葛西純自伝『狂猿』第7回 「クレイジーモンキー」の誕生と母の涙
デスマッチファイター葛西純自伝『狂猿』
葛西純は、プロレスラーのなかでも、ごく一部の選手しか足を踏み入れないデスマッチの世界で「カリスマ」と呼ばれている選手だ。20年以上のキャリアのなかで、さまざまな形式のデスマッチを行い、数々の伝説を打ち立ててきた。その激闘の歴史は、観客の脳裏と「マット界で最も傷だらけ」といわれる背中に刻まれている。クレイジーモンキー【狂猿】の異名を持つ男はなぜ、自らの体に傷を刻み込みながら、闘い続けるのか。そのすべてが葛西純本人の口から語られる、衝撃的自伝ストーリー。
第1回:デスマッチファイター葛西純が明かす、少年時代に見たプロレスの衝撃
第2回:勉強も運動もできない、不良でさえもなかった”その他大勢”の少年時代
第3回:格闘家を目指して上京、ガードマンとして働き始めるが……
第4回:大日本プロレス入団、母と交わした「5年」の約束
第5回:九死に一生を得た交通事故、プロレス界の歴史は変わっていた
第6回:ボコボコにされて嬉し涙を流したデスマッチデビュー
当時の大日本プロレスのなかで、本間、山川、WX、ウィンガーというのがデスマッチ戦線の四天王で、彼らに比べて俺っちは、体格的に見てもテクニック的に見ても、まだまだだと感じていた。強さだけじゃなく、華や色気みたいな部分でも全部劣っていたから、どうすればこの4人を超えられるのか、デスマッチファイターとして上に行けるのかということを模索していた。
CZWに加入しザンディグとタッグ結成
そのころ、大日本プロレスでは年末の「最侠タッグリーグ」が始まるという時期だった。CZWからはザンディグとニック・ゲージがタッグを組んで出場する予定だったんだけど、ニック・ゲージがビザのトラブルで来日できなくなってしまった。会社内で、じゃあザンディグのパートナーどうするってモメてるときに、ここで俺がいったら面白いんじゃないかなとひらめいた。CZWの奴らとはノリが合ったし、特にどのユニットに属してるわけでもなかった俺っちがガイジン軍団に入ってしまえば、単純に目立つんじゃないかと思ってね。それで、札幌の大会のときにリング上でアピールして、ザンディグのパートナーに名乗りをあげた。会社はどう思ったかわからないけど、お客さんの支持は得られて、俺っちは日本人なのにCZWに加入する形になり、ザンディグとタッグを組むことになった。
この「最侠タッグリーグ」では、準決勝でシャドウWX&アブドーラ・ザ・ブッチャー組と戦って、ブッチャーからフォールを取った。ブッチャーとは、その前から試合をする機会があったんだけど、子供の頃から見ていたブッチャーに勝ったのは感慨深かったね。

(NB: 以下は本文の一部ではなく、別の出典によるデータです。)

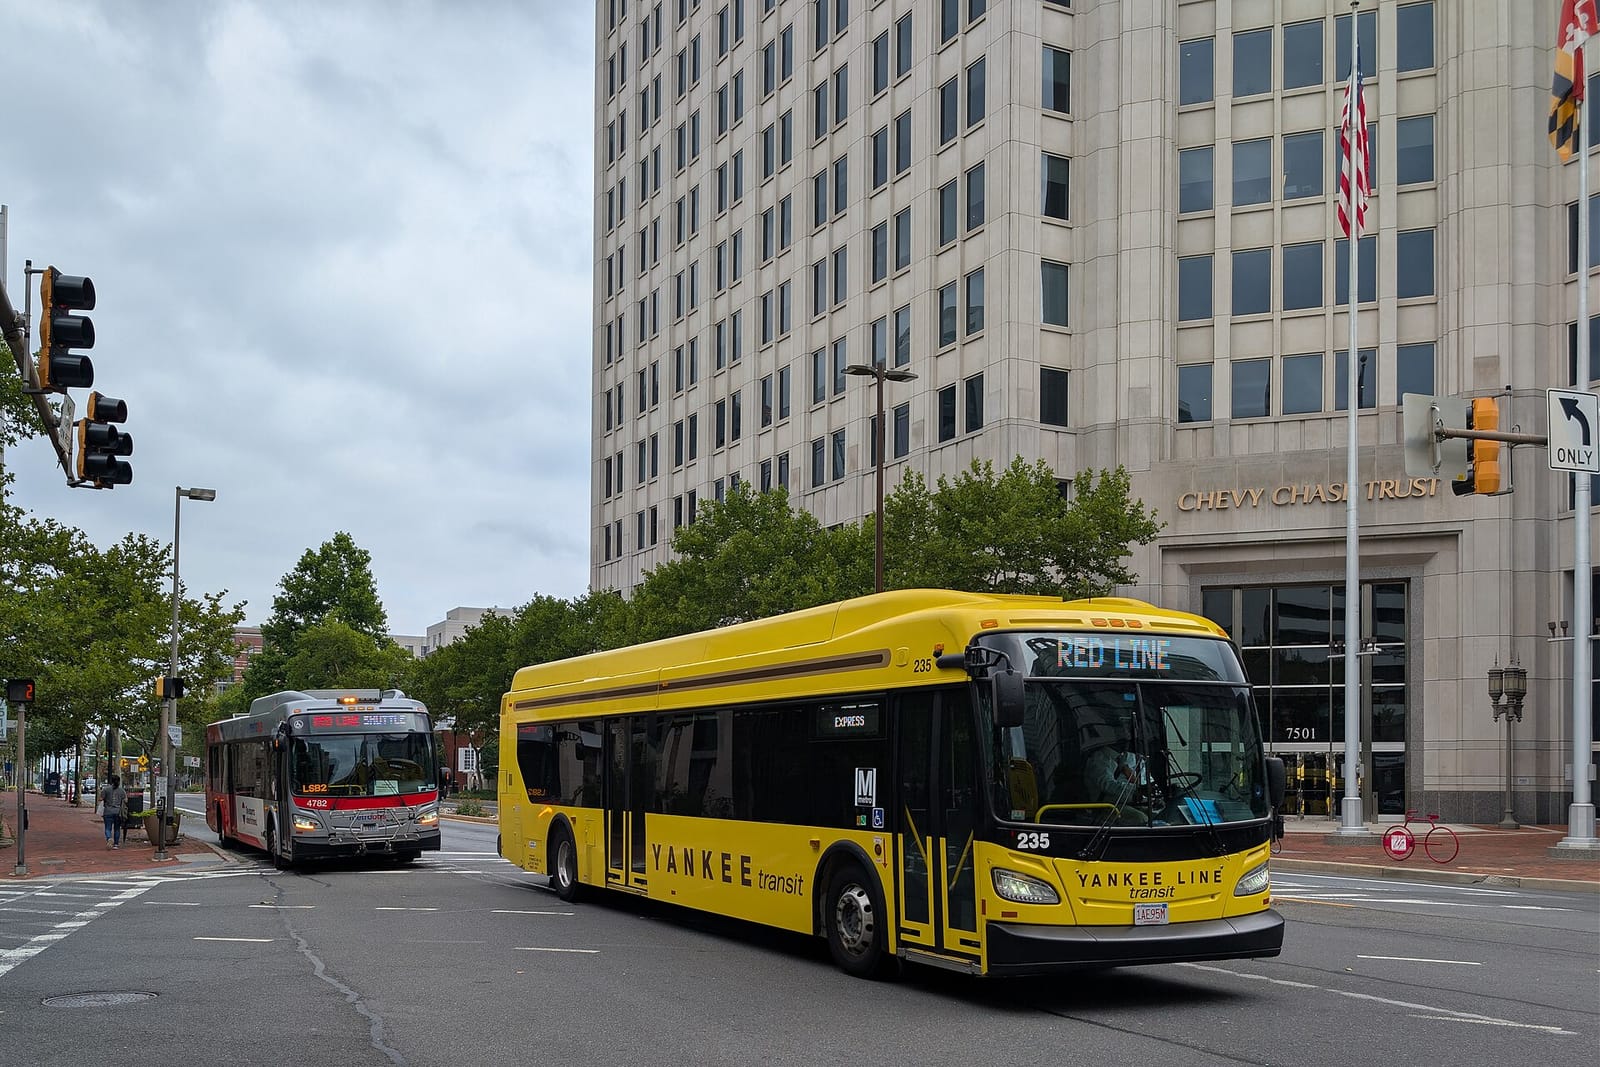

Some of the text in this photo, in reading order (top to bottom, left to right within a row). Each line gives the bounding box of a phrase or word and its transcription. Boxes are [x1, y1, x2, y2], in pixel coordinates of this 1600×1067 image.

ブッチャーは試合では容赦ない人でいつもボコボコにされたけど、リングを降りれば紳士で、俺っちのことをすごく可愛がってくれた。ご飯をご馳走になったことあるし、「ヤングボーイにシューズ買ってきてやったよ」って、スニーカーも2回ぐらいプレゼントしてもらった。俺っちの髪の毛がちょっと伸びてる感じだったら「このマネーで床屋行ってこい」ってお金もらったこともある。若手に対して、面倒見がいい人だった。
俺っちのタッグパートナーとなったザンディグは、不思議な魅力のある男だった。ザンディグからは、プロレスのテクニックや、練習のやりかたとかに関しては見習う部分はまったく無かったけど、プロレスラーとしての自己プロデュース法とか、個性の出し方というのは側で見ていてすごく参考になった。ザンディグはリングの内外で、どんなパフォーマンスすれば自分を売り込めるか、この業界で上がっていけるかということをいつも考えていて、デスマッチに対しての哲学も独特だった。
デスマッチファイターによって考え方は違うと思うけど、ザンディグは、デスマッチという普通のプロレスと違うことをやるからにはオーディエンスにたっぷり期待させて、喜ばせて、その期待を超えるインパクトを残していかないとダメだと言っていた。デスマッチなのに地味なことをやって、お客さんにも伝わらない自己満足するような試合をしても意味がない。その姿勢には、俺っちも少なからず影響を受けたと思う。そんなザンディグに比べると、他のCZWメンバーはおとなしいというか、何も考えてないようにみえた。試合以外ではそこまで暴れることもないし、いま思えばみんな若手のガキだった。そのなかで、ザンディグは頭1つも2つも抜きん出たビッグボスだったし、不思議なカリスマ性があった。